> ACTION ITEM: Although the entries contain pictures, the copy should hold only their exact text.
********************
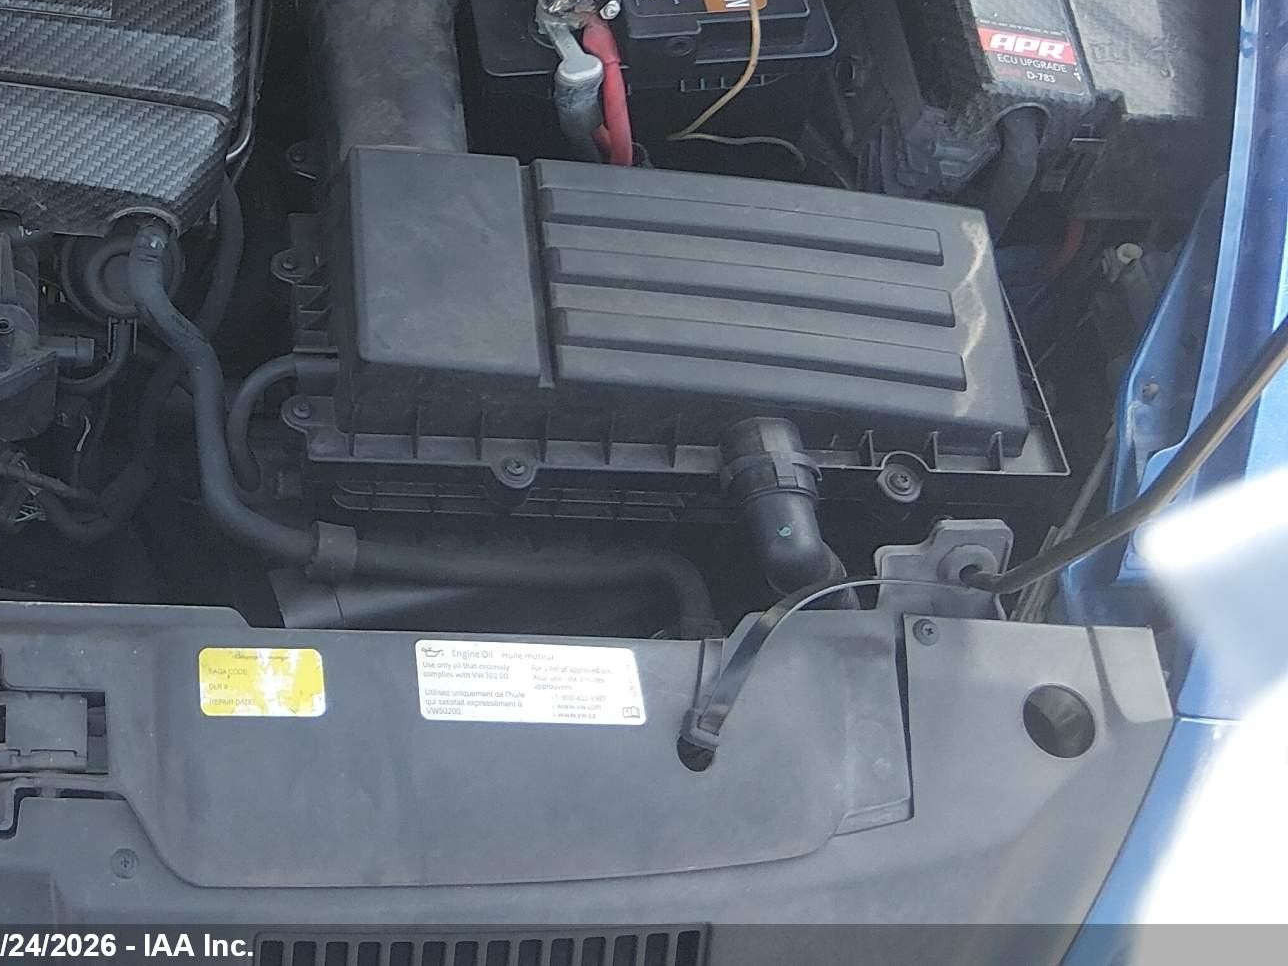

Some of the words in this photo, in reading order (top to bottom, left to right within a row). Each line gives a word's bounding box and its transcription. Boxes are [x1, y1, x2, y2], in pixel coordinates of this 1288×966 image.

[990, 34, 1065, 60] APR
[996, 54, 1018, 65] ECU
[1019, 58, 1068, 73] UPGRADE
[1026, 71, 1056, 83] D-783
[451, 649, 480, 659] Engine
[481, 650, 493, 658] Oil
********************
> WRITTEN REPLY:
Some of the words in this photo, in reading order (top to bottom, left to right within a row). Each line gives a word's bounding box and its transcription. Boxes are [x1, y1, x2, y2], in pixel coordinates of this 1288×966 image.

[990, 34, 1065, 60] APR
[996, 54, 1018, 65] ECU
[1019, 58, 1068, 73] UPGRADE
[1026, 71, 1056, 83] D-783
[451, 649, 480, 659] Engine
[481, 650, 493, 658] Oil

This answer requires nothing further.